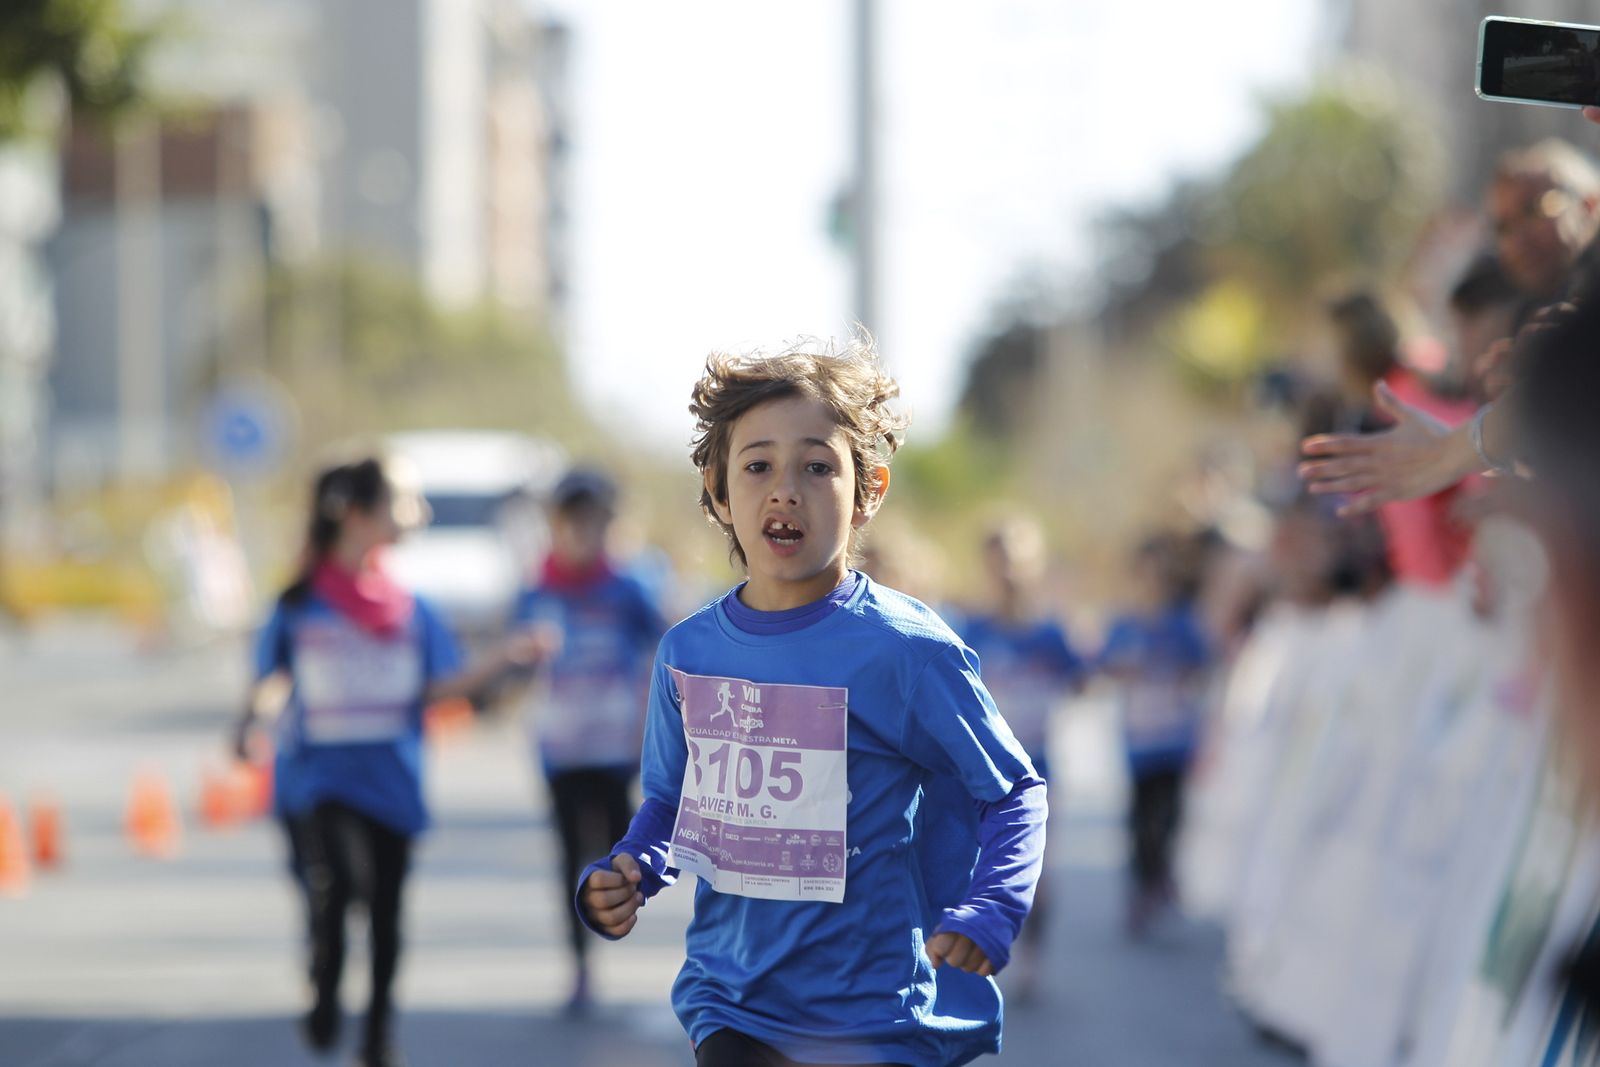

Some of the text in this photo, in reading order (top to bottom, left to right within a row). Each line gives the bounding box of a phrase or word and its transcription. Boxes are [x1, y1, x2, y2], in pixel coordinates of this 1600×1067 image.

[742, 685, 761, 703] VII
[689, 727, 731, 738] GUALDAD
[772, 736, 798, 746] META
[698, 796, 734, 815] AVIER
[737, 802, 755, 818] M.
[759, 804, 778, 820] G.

====

- What to work on: Leave out the pictures, and give all the records again exactly.

- Exercise output:
Some of the text in this photo, in reading order (top to bottom, left to right within a row). Each line gives the bounding box of a phrase or word and its transcription. Boxes are [x1, y1, x2, y2], in pixel coordinates of this 1600×1067 image.

[742, 685, 761, 703] VII
[689, 727, 731, 738] GUALDAD
[772, 736, 798, 746] META
[698, 796, 734, 815] AVIER
[737, 802, 755, 818] M.
[759, 804, 778, 820] G.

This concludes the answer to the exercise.